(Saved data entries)
---*---

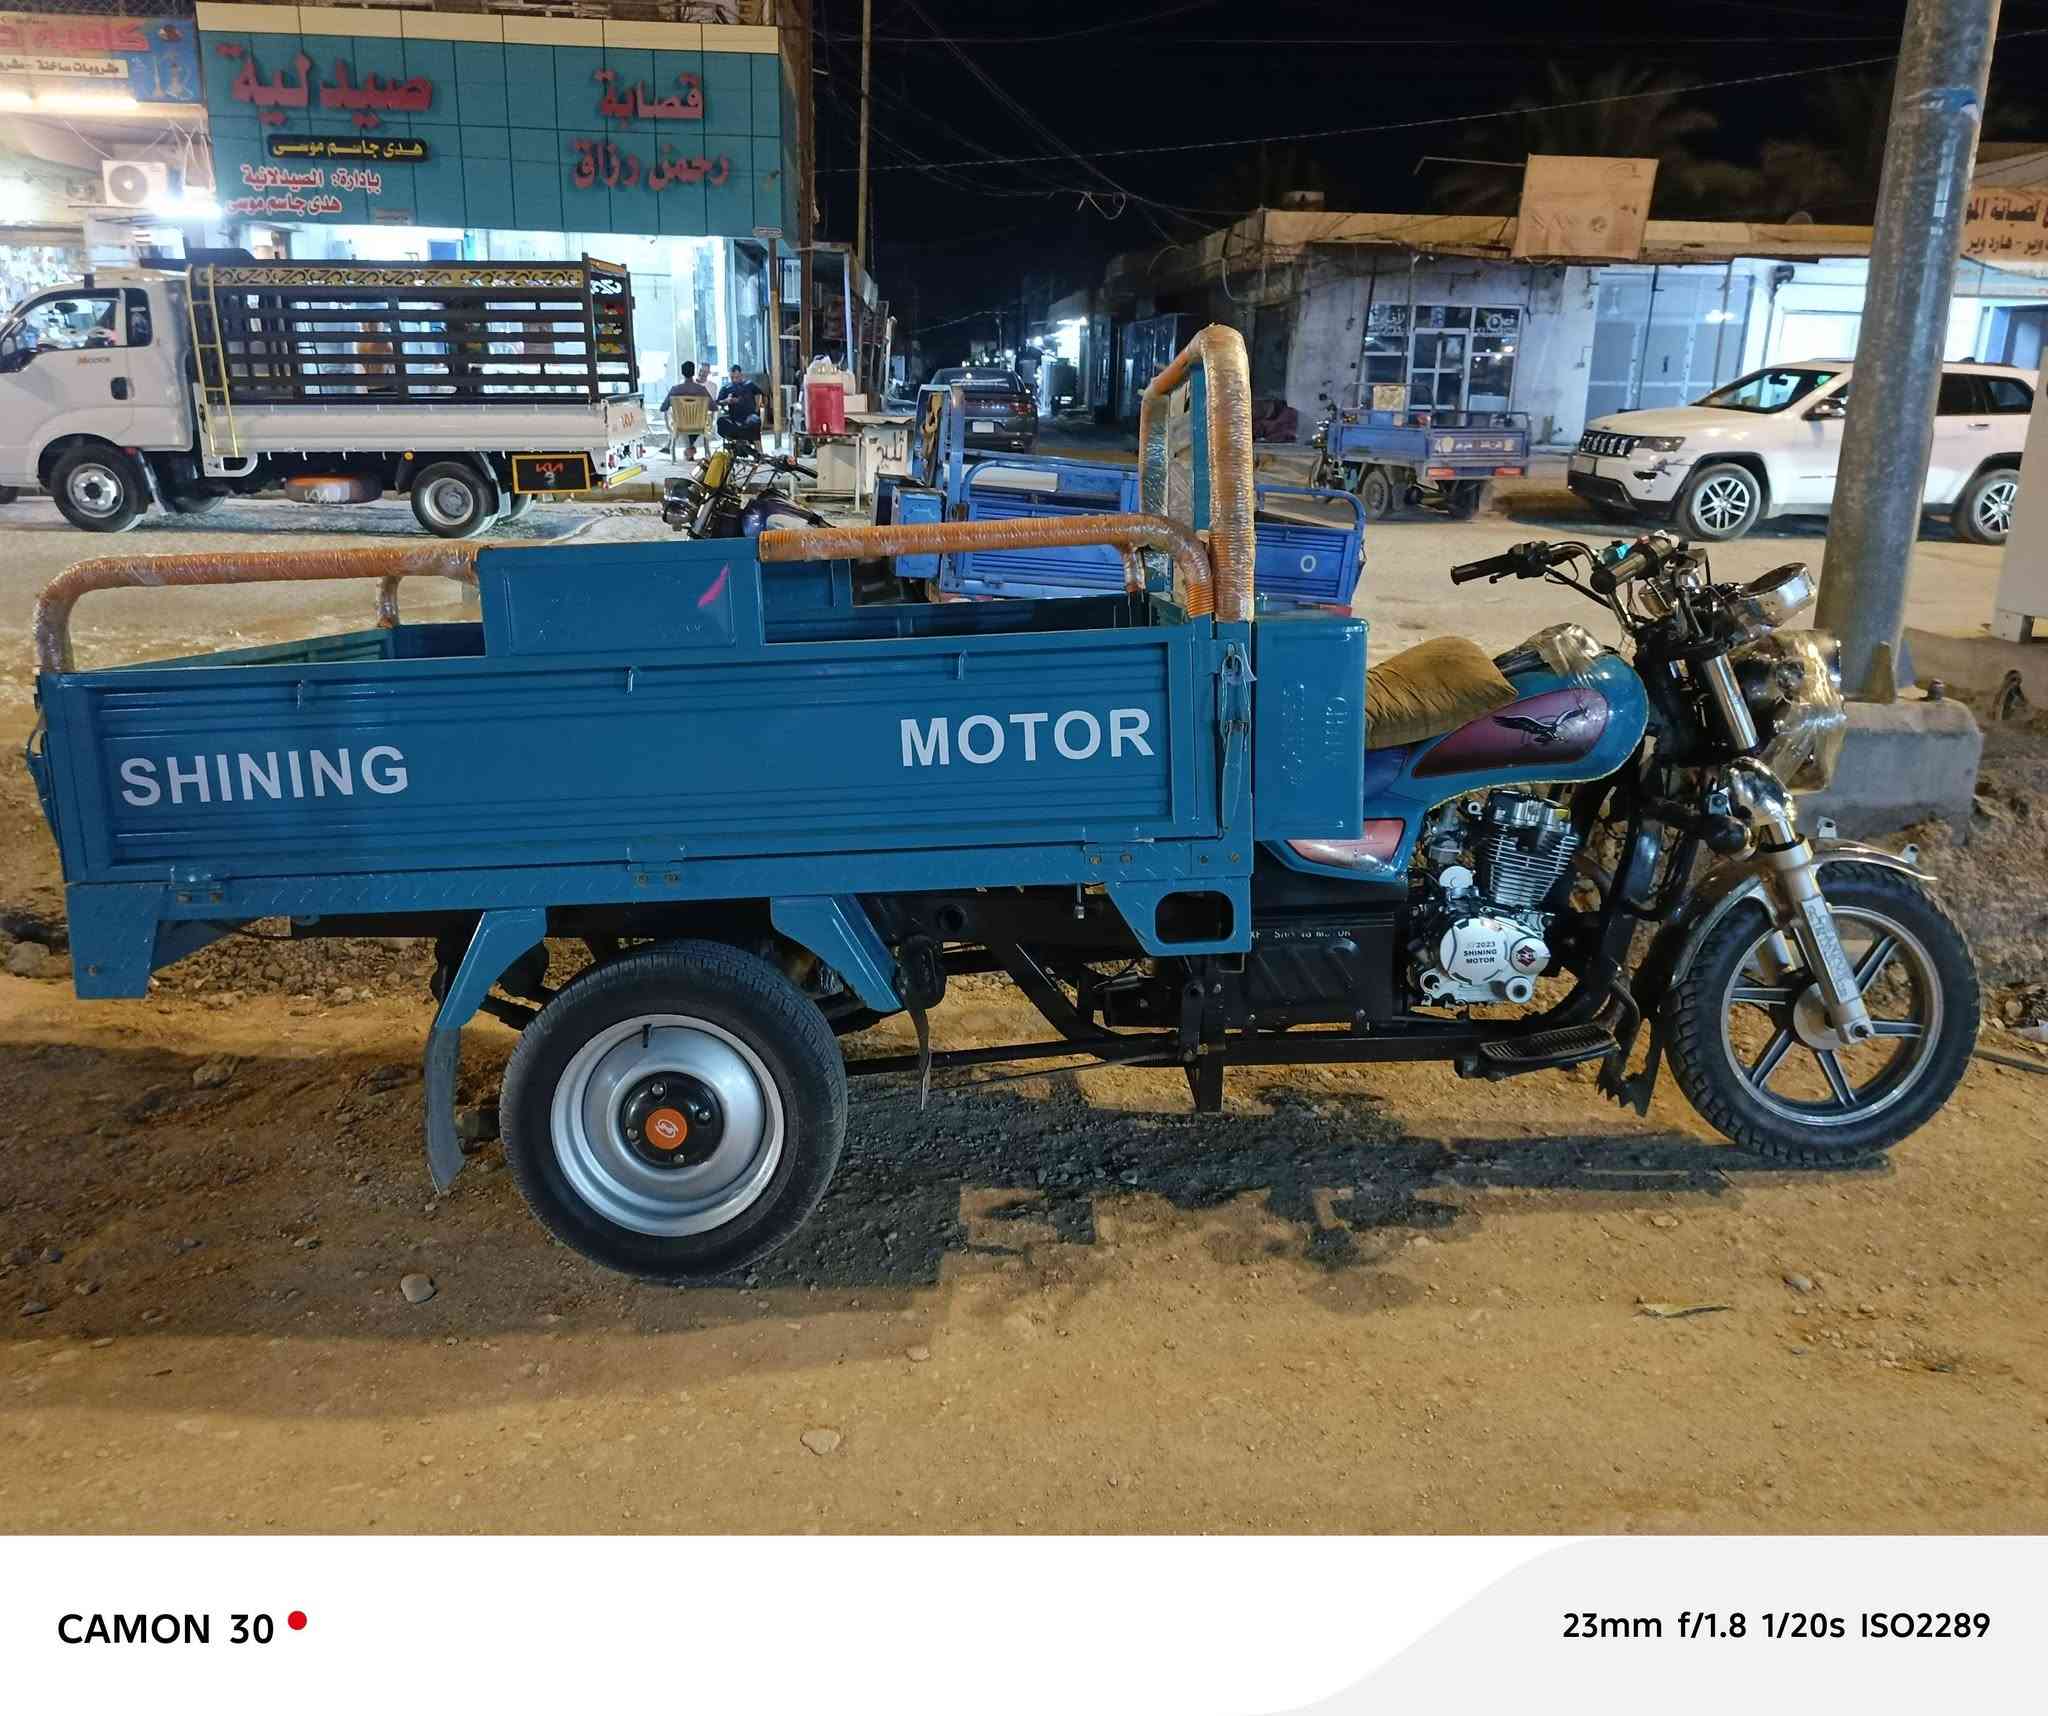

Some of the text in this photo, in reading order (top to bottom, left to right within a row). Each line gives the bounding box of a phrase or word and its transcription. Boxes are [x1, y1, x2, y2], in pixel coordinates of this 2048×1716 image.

[214, 42, 433, 128] صيدلية
[593, 68, 704, 129] قصابة
[272, 139, 424, 158] هدى جاسم موسى
[572, 138, 640, 189] رزاق
[267, 193, 307, 216] جاسم
[308, 195, 343, 215] هدى
[119, 708, 1155, 807] SHINING MOTOR
[1463, 949, 1497, 957] SHINING
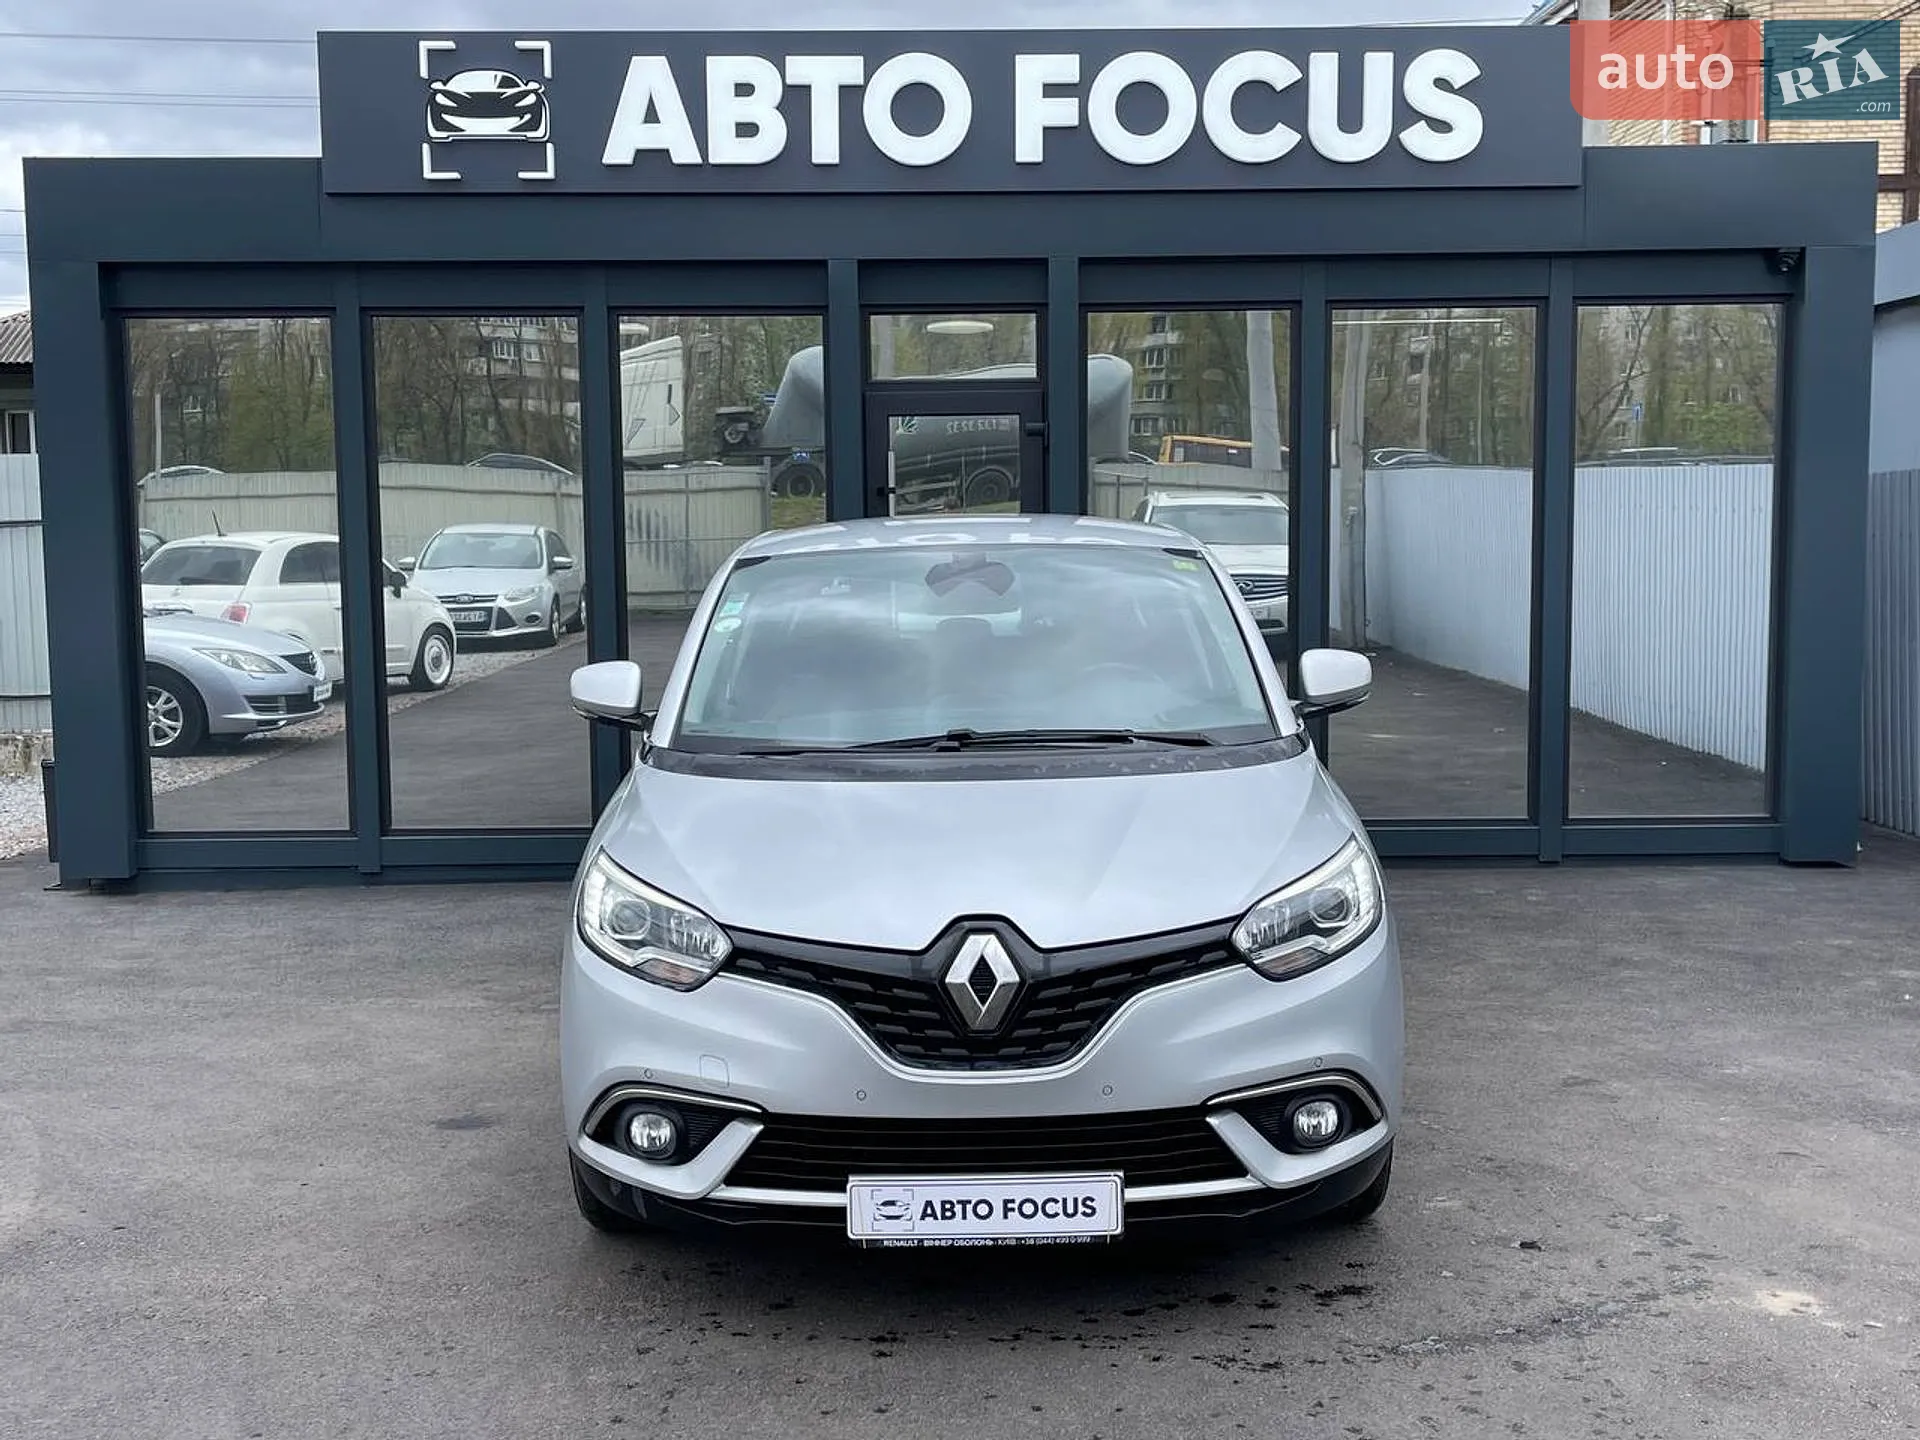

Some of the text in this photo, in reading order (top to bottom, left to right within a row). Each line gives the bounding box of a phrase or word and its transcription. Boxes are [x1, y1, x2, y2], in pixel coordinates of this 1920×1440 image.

[602, 49, 1484, 166] АВТО FOCUS
[919, 1195, 1098, 1221] АВТО FOCUS

---*---

* [TASK TO COMPLETE]:
Every line from the one containing "this 1920×1440 image." through the final line of the data above is to be restated word for word, and nothing more.

* [ANSWER TO THE PROBLEM]:
Some of the text in this photo, in reading order (top to bottom, left to right within a row). Each line gives the bounding box of a phrase or word and its transcription. Boxes are [x1, y1, x2, y2], in pixel coordinates of this 1920×1440 image.

[602, 49, 1484, 166] АВТО FOCUS
[919, 1195, 1098, 1221] АВТО FOCUS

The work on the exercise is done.